Behavior characterization of visco-hyperelastic models for rubber-like materials using genetic algorithms

Abstract

• A nonlinear visco-hyperelastic model is numerically studied. • Genetic algorithms are employed to fully characterize the material. • Single and multi objectives versions are considered. • A benchmarking analysis is performed using a known solution. • Uniaxial, biaxial and shear tests are designed to compare the proposed candidates. Rubber-like materials are widely deployed in industry because of their outstanding properties of elasticity and energy dissipation capacity. In order to analyze and improve the behavior of components made of rubber, suitable models for the material behavior must be formulated before their usage in complex evaluations. The aim of such models is to predict the mechanical response of these materials under external loads, using visco-hyperelastic descriptions. In this paper we are interested in reproducing the nonlinear elastic behavior of rubbers as well as the strain-dependent part (viscoelasticity). Typical viscoelastic models are based on linear assumptions, being the viscous part time-dependent but no strain-dependent. Therefore, nonlinear elasticity and linear viscoelasticity are mixed up in the available models. In our work, we propose a model with both parts described as nonlinear. We use a classical hyperelastic model (Mooney–Rivlin) combined with a nonlinear viscous part including both dependencies in strain and time. We also develop a genetic algorithm for searching (optimizing) the model parameters that describe the behavior of this type of materials. We describe simple and multiple objective genetic algorithms for the optimization based on uniaxial and biaxial stresses . We present benchmarking tests for the algorithms, which reproduce different tests with high accuracy and we also discuss the reliability of the model for different stress sates, strain ranges and strain rates.

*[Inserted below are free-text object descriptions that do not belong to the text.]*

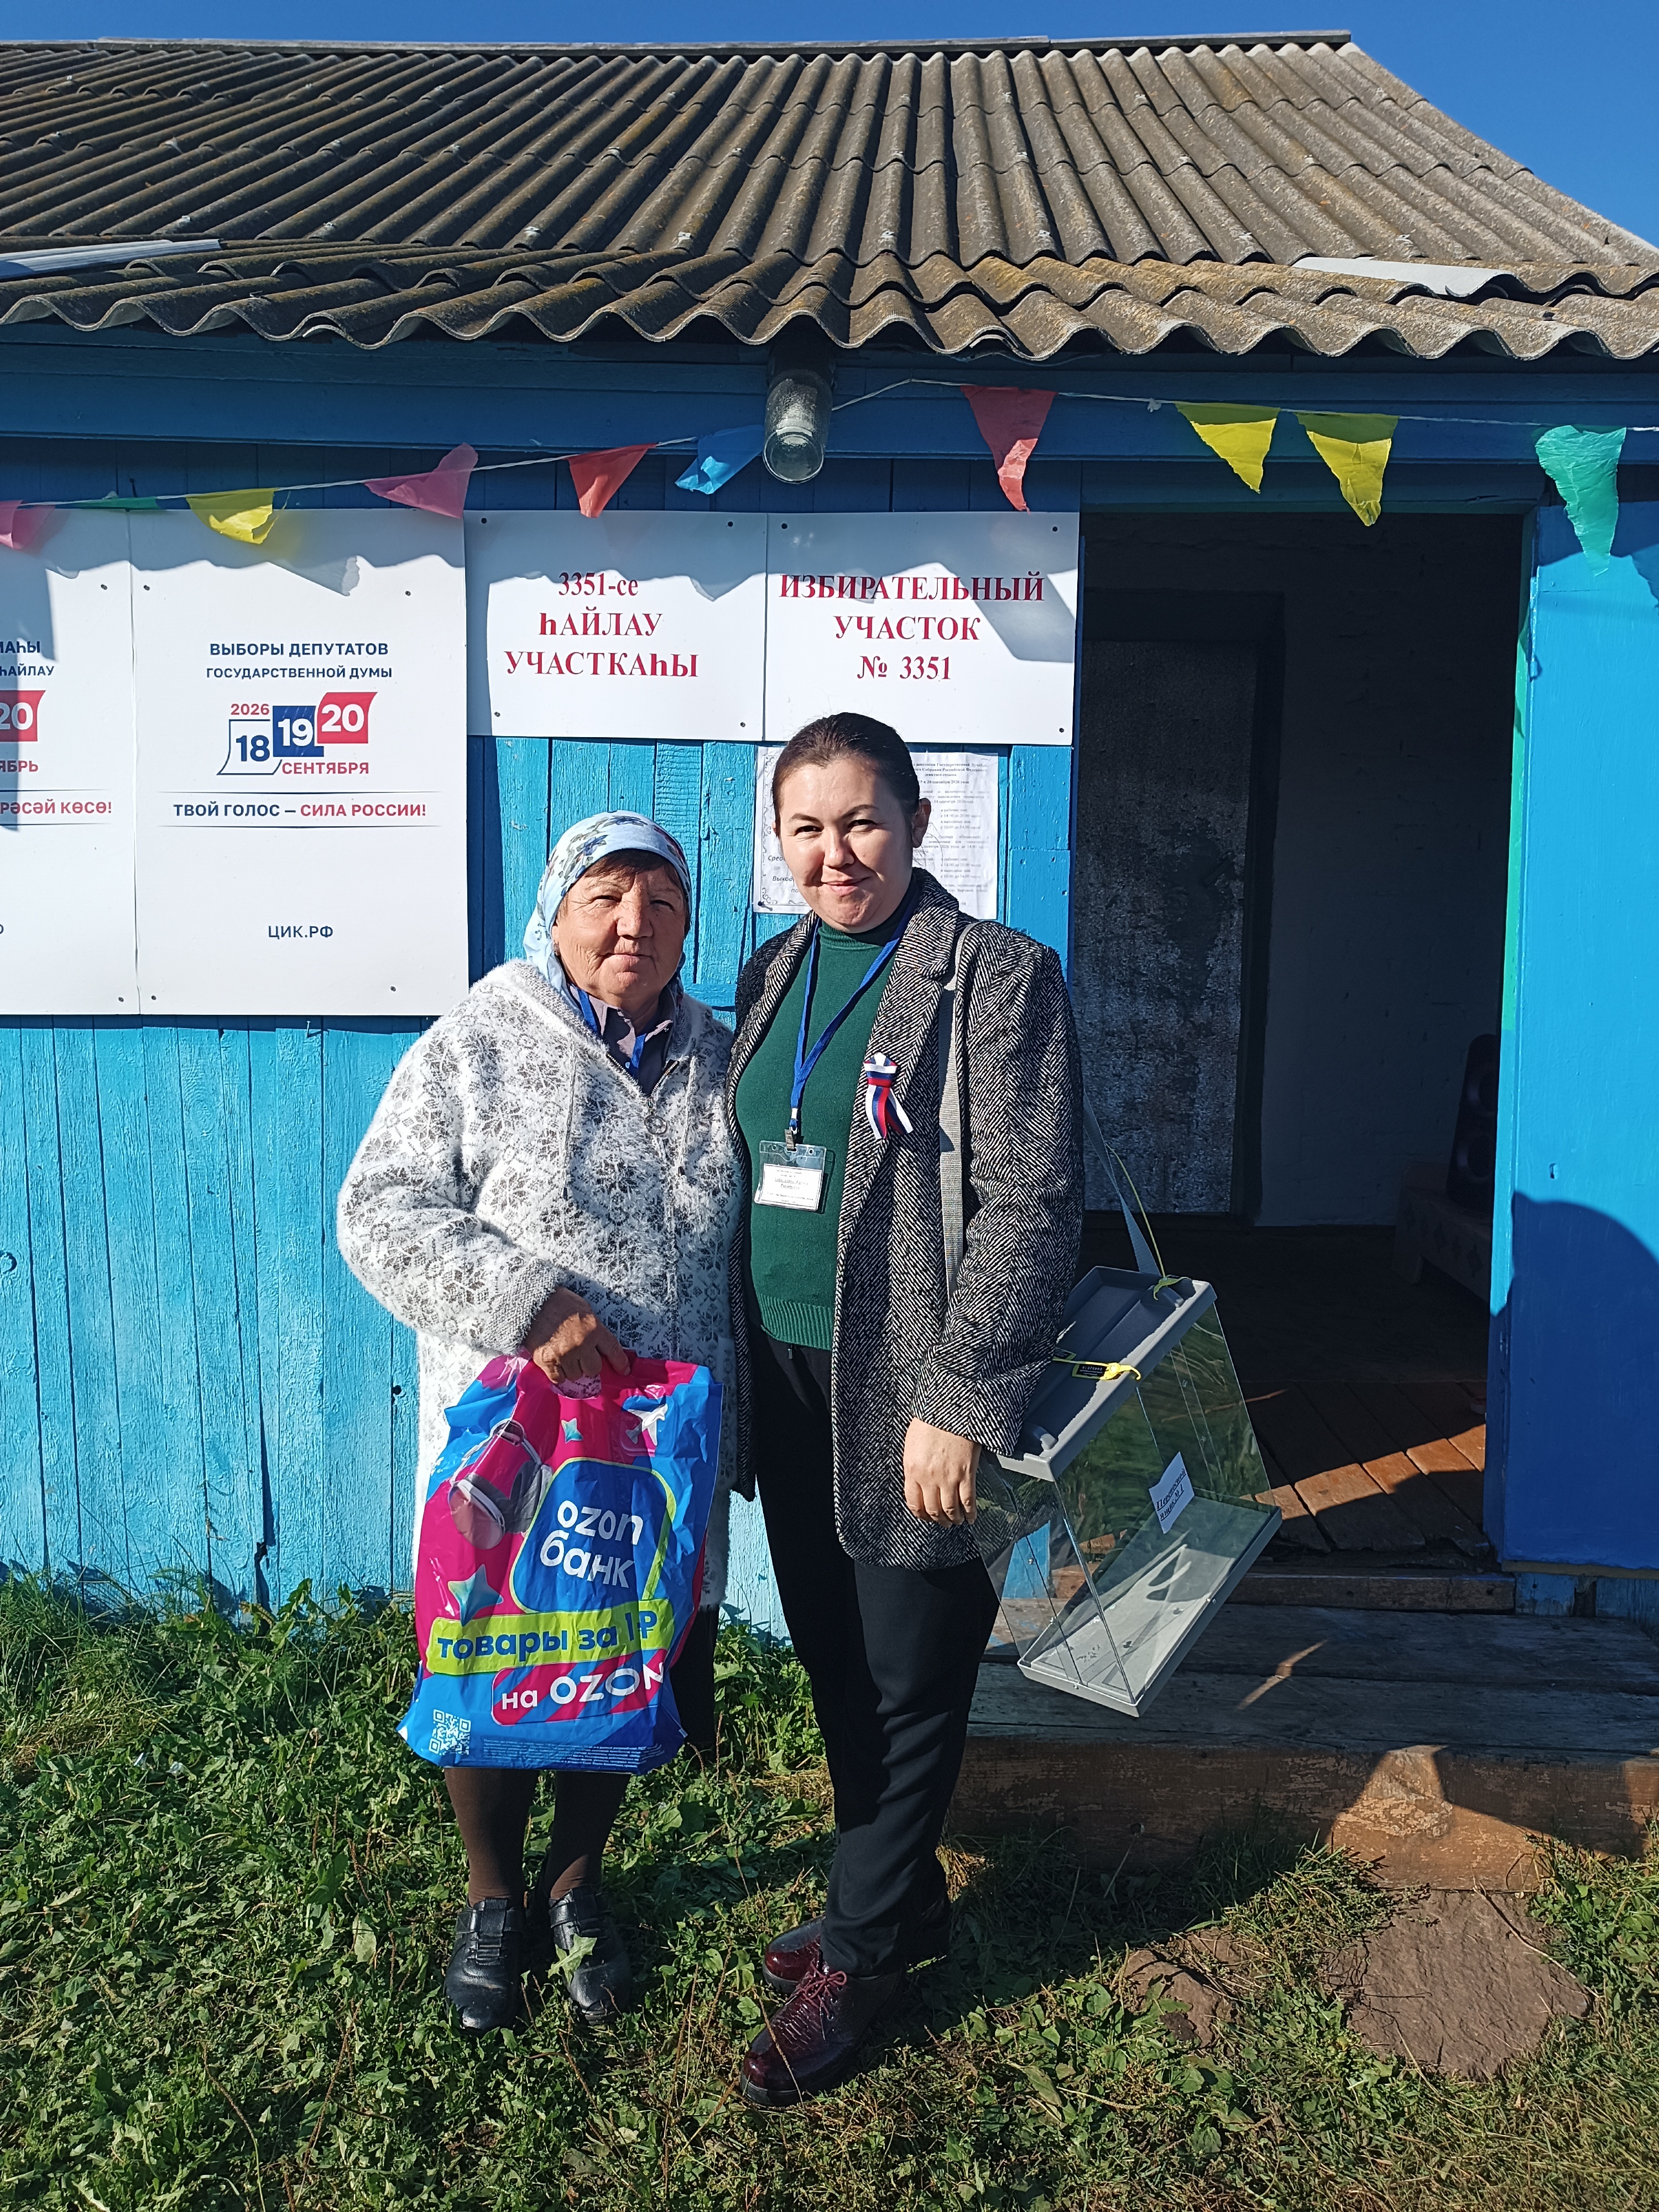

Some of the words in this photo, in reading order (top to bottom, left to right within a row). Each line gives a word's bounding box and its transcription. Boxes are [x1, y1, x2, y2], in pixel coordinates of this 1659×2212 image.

[558, 571, 638, 598] 3351-се
[780, 571, 1045, 602] ИЗБИРАТЕЛЬНЫЙ
[834, 615, 980, 641] УЧАСТОК
[210, 643, 284, 655] ВЫБОРЫ
[289, 643, 389, 658] ДЕПУТАТОВ
[206, 665, 346, 680] ГОСУДАРСТВЕННОЙ
[349, 667, 393, 680] ДУМЫ
[857, 656, 888, 679] №
[900, 656, 951, 680] 3351
[231, 703, 270, 716] 2026
[321, 703, 365, 733] 20
[278, 718, 314, 747] 19
[236, 735, 270, 762] 18
[282, 763, 369, 774] СЕНТЯБРЯ
[61, 801, 112, 814] КӨСӨ!
[173, 801, 219, 816] ТВОЙ
[224, 804, 280, 817] ГОЛОС
[301, 804, 347, 817] СИЛА
[352, 804, 427, 817] РОССИИ!
[268, 925, 334, 940] ЦИК.РФ
[1156, 1468, 1186, 1510] Переносной
[557, 1500, 643, 1545] ozon
[1160, 1499, 1175, 1520] ящик
[540, 1530, 635, 1588] банк
[437, 1630, 568, 1662] товары
[578, 1625, 618, 1650] за
[502, 1689, 538, 1710] на
[550, 1661, 664, 1704] OZON

Finally, a real specimen is tested and studied with the algorithm to define its properties according to the material model developed. The study highlights the capabilities of the model to describe complex stress states based on limited information, and it also shows the possible limitations. The procedure we develop can be used as a design tool that allows implementing any simply analyzed material into a realistic material model for further mechanical evaluations, as it is finite elements or similar.